[Presse féminine] Entre gloss et pub, on ne pense pas
(Très mauvais titre. À vôt’bon’keur. À vos bonnes idées)

(Très mauvais titre. À vôt’bon’keur. À vos bonnes idées)


Cher Monsieur Val,
N’en déplaise aux utopistes et aux moralistes de tout poil, l’être humain est incontestablement intéressé par quelque chose lorsqu’il entreprend une action. Appât du gain et gagne-pain obligent. Si l’humanité est avancée, c’est parce que l’individu puise au fond du besoin instinctif de se distinguer des autres pour évoluer. Notre civilisation repose indubitablement sur des stimulants émotionnels et sur l’individualité profondément ancrée en chacun de nous. Elle serait davantage primaire si les hommes ne ressentaient ni colère ni envie. Mais elle le serait également s’ils en ressentaient trop.
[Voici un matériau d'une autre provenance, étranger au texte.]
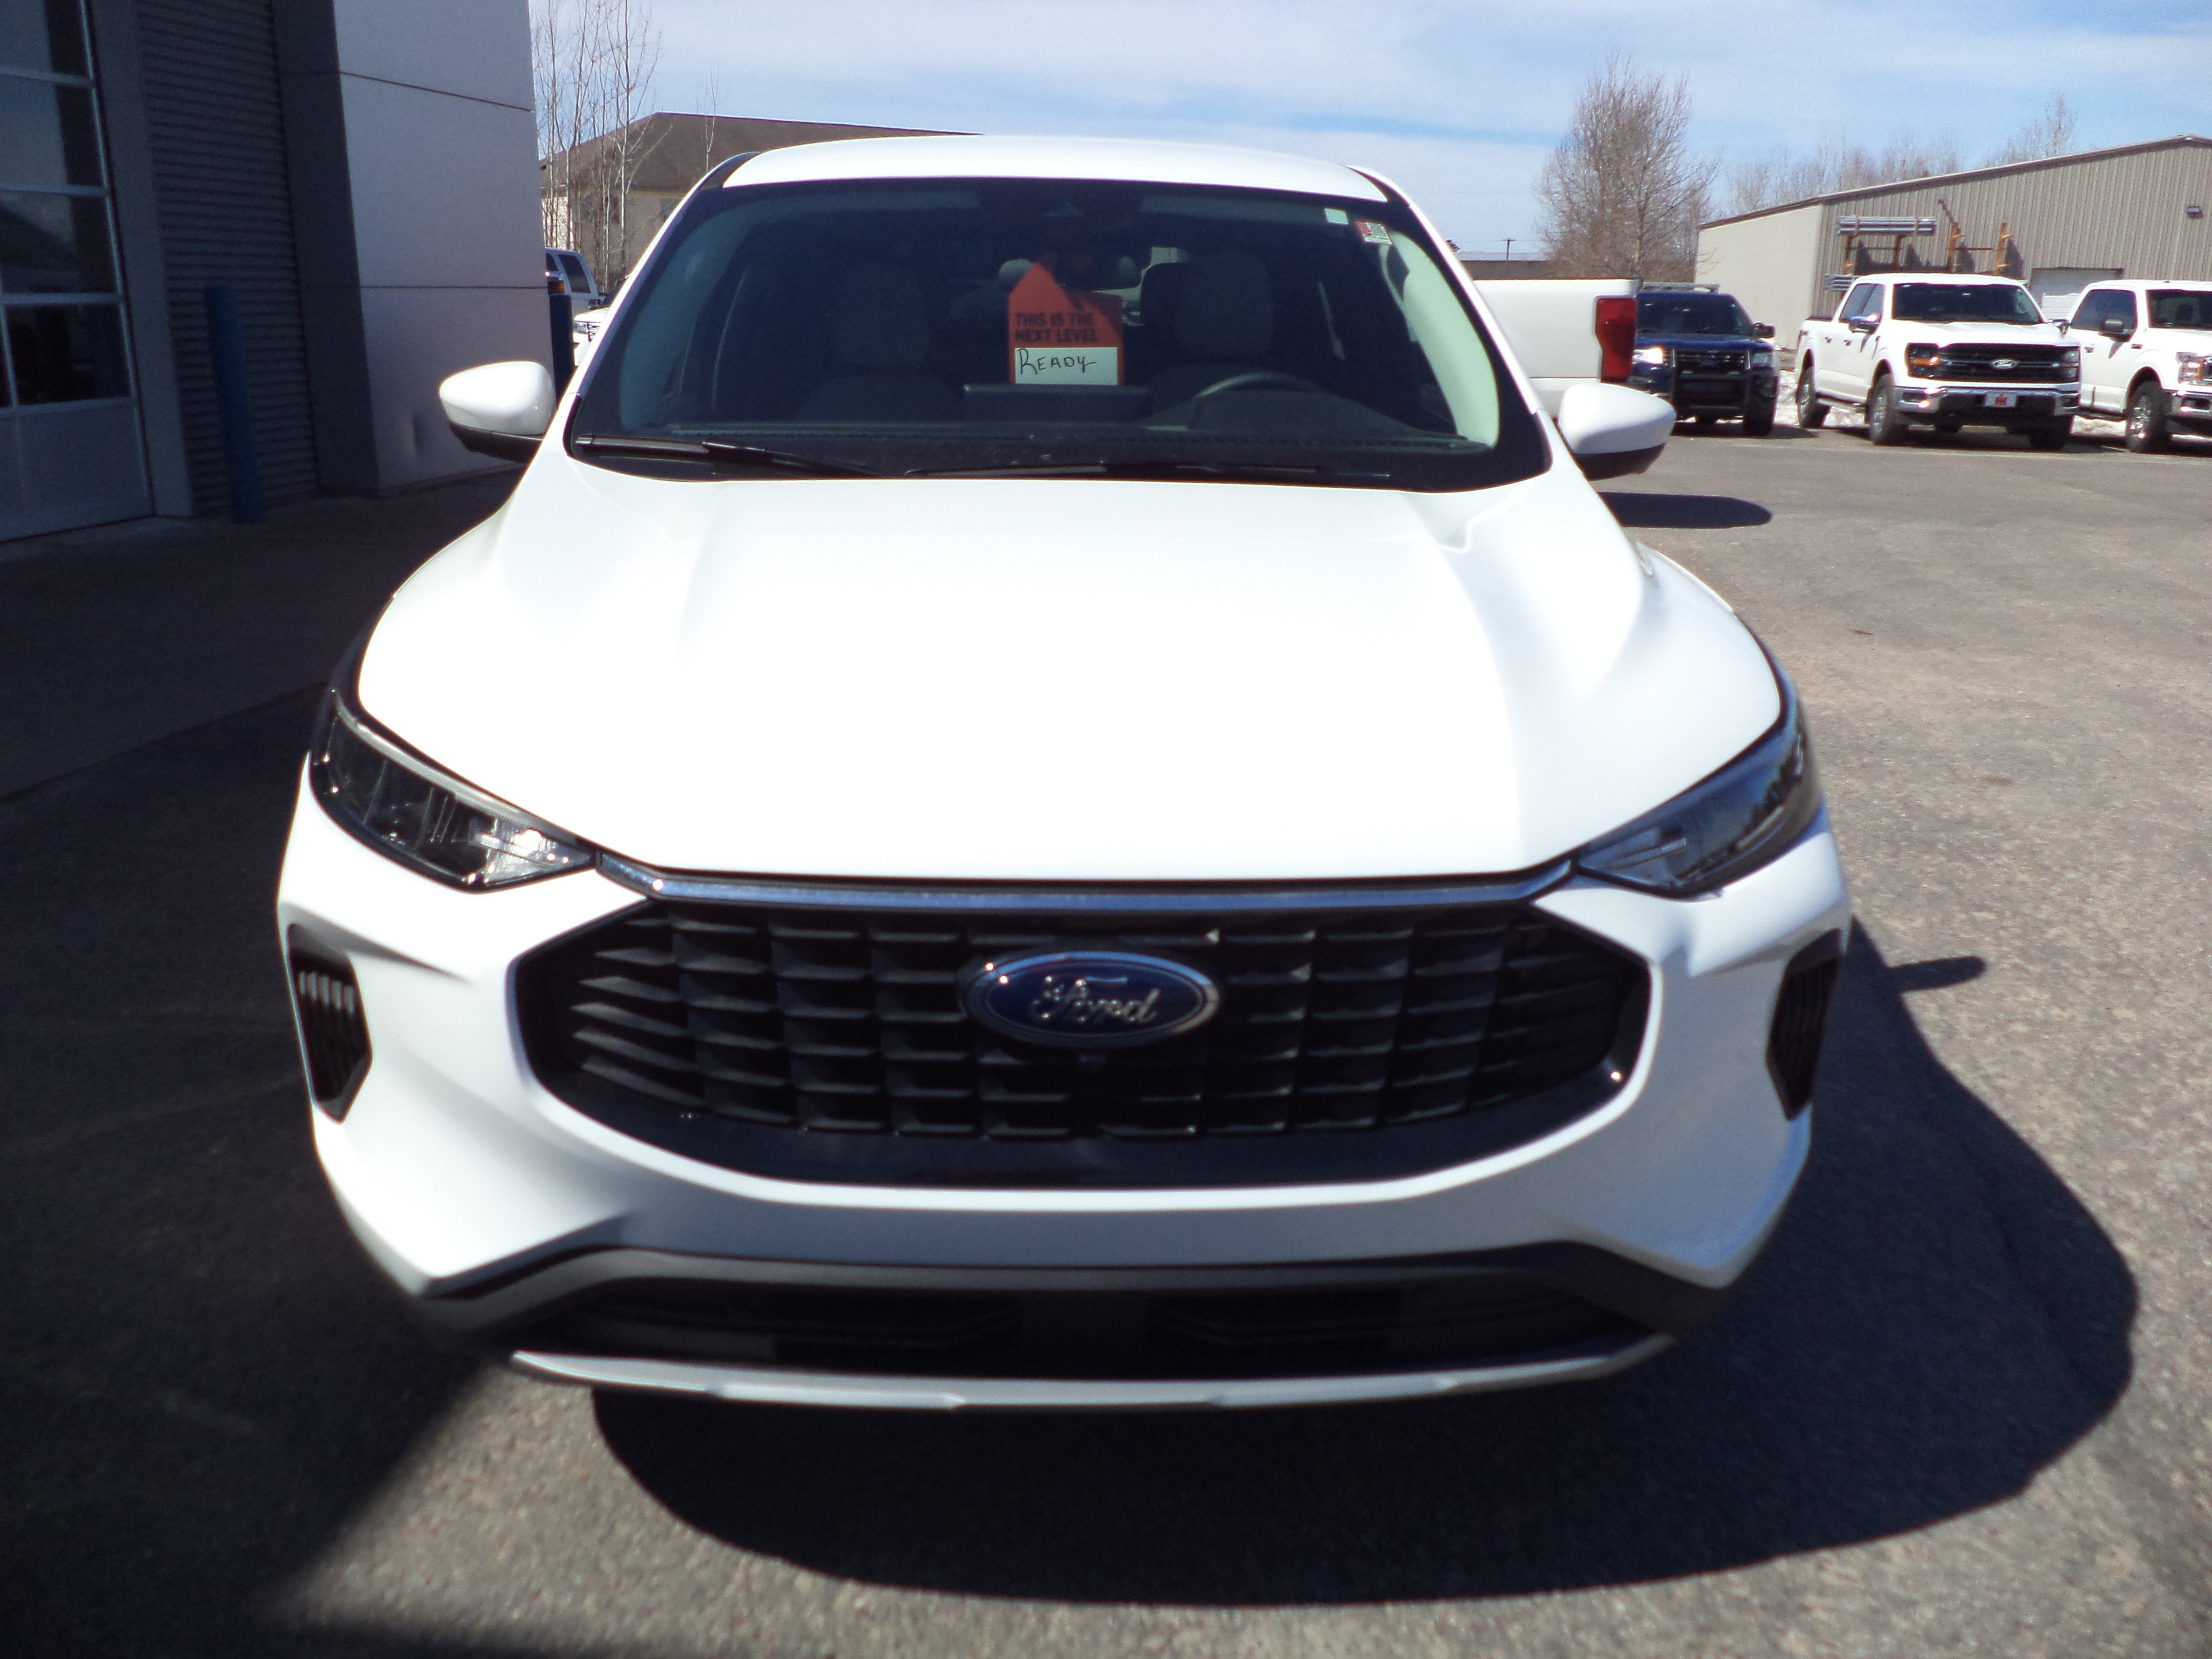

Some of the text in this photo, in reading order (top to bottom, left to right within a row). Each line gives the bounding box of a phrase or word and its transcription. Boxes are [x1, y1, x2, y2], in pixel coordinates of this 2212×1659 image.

[1016, 312, 1095, 326] THIS IS THE
[1016, 328, 1099, 343] NEXT LEVEL
[1029, 974, 1161, 1024] Ford
Prenons la Blogopshère à titre d’exemple. L’on pourrait croire que les plumes et les idées qui émergent dans la concurrence sont les plus précieuses. Peut-être, mais ce n’est pas suffisant pour rattraper toute la destruction opérée. Le talent souffre des dents longues des protagonistes, si aiguisées qu’elles en deviennent assassines. Meurtrières. L’héritage littéraire est le premier tranché. Un coupable ? Le référencement.
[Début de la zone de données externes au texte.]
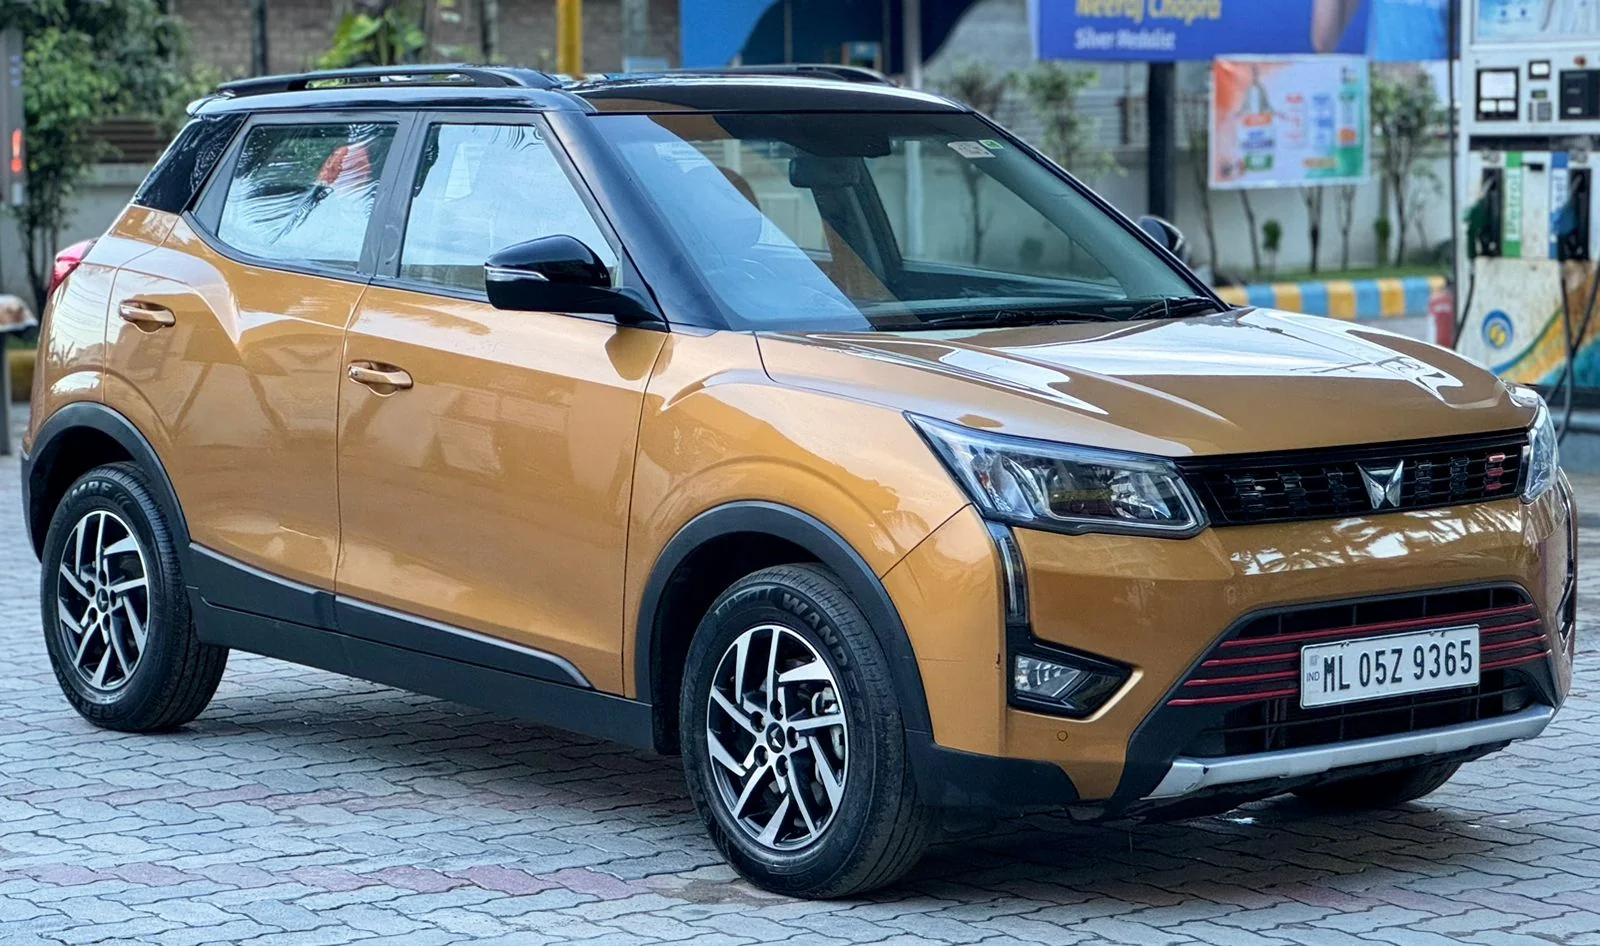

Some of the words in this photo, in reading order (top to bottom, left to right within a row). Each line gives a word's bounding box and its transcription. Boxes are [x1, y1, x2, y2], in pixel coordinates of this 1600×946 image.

[1305, 671, 1320, 682] IND
[1323, 655, 1350, 692] ML
[1359, 648, 1403, 688] 05Z
[1413, 640, 1473, 680] 9365
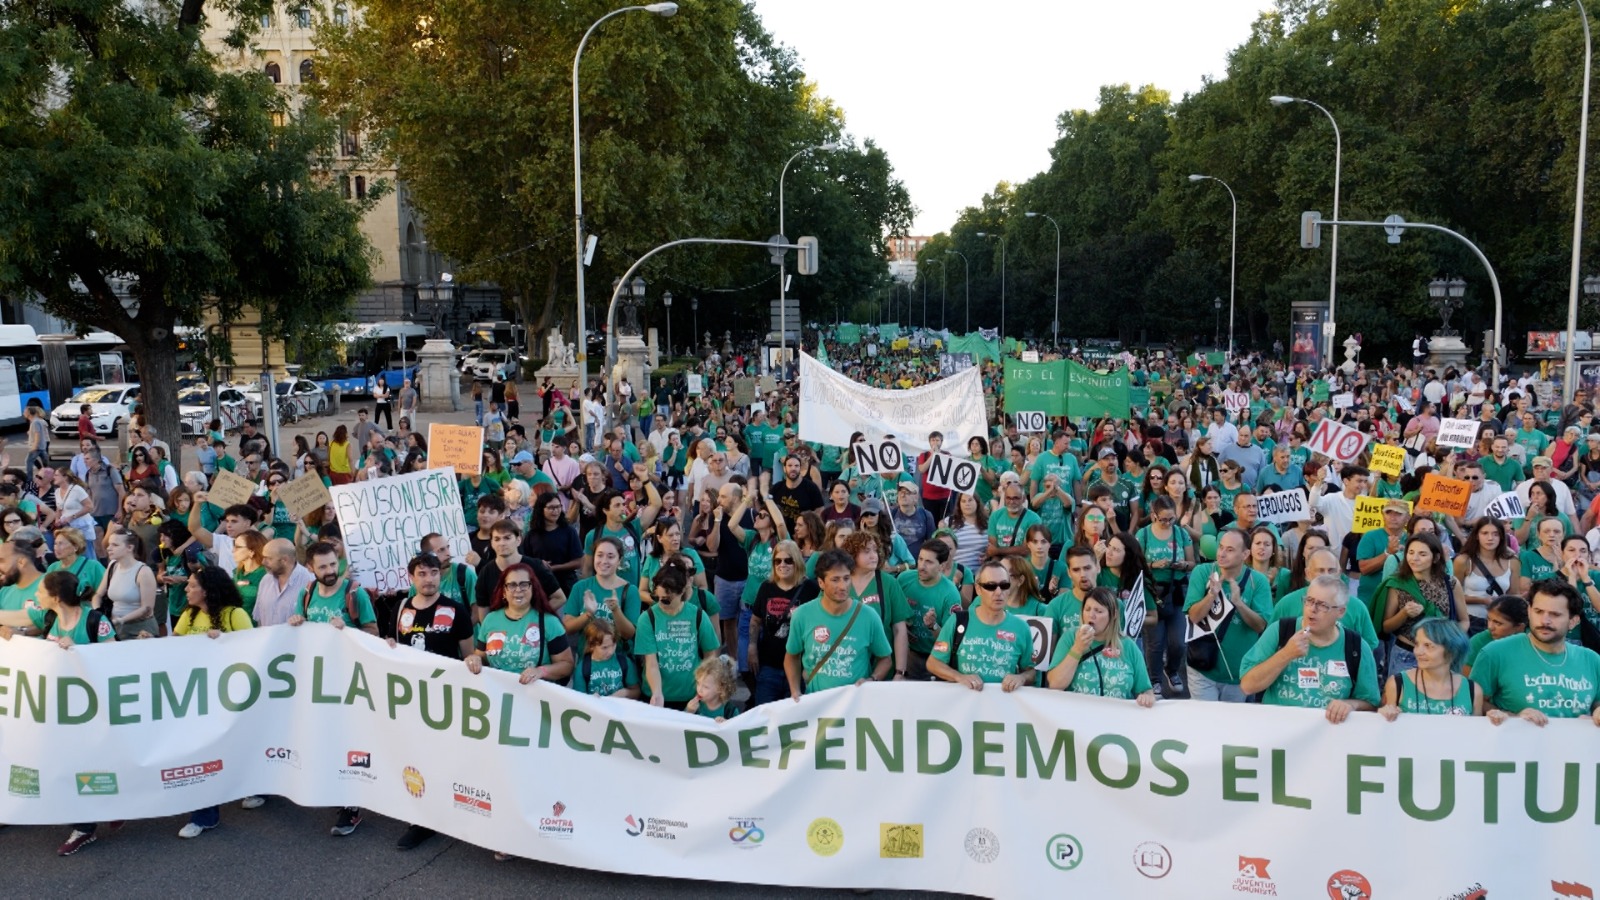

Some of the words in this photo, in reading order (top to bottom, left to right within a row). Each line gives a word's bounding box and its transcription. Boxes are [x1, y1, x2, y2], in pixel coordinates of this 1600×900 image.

[1225, 393, 1249, 408] NO
[1017, 412, 1044, 430] NO
[1310, 420, 1364, 461] NO
[856, 441, 901, 474] NO
[929, 454, 977, 492] NO
[337, 484, 401, 521] AYUSO
[400, 472, 461, 513] NUESTRA
[1505, 495, 1523, 516] NO
[443, 507, 467, 537] NO
[349, 547, 377, 573] ES
[379, 544, 400, 569] UN
[311, 656, 376, 712] LA
[387, 668, 661, 764] PÚBLICA.
[684, 717, 1190, 797] DEFENDEMOS
[1222, 744, 1312, 810] EL
[1347, 754, 1600, 825] FUTU
[265, 747, 291, 759] CGT
[351, 754, 369, 765] CNT
[163, 764, 204, 780] CCOO
[453, 782, 492, 801] CONFAPA
[540, 817, 574, 827] CONTRA
[736, 821, 757, 829] TEA
[1232, 884, 1278, 896] COMUNISTA
[1233, 877, 1276, 889] JUVENTUD
On ne cesse d’ânonner à Lili P. , hyper-active de son état, qu’elle doit manger doucement. Lentement. Calmement. Dans un cadre Zen, sans souci, et si possible sans activité intellectuelle. Aussi, déjeune-t-elle tous les jours à treize heures, rideaux fermés, bougies allumées, devant le JT de Jean-Pierre Pernaut.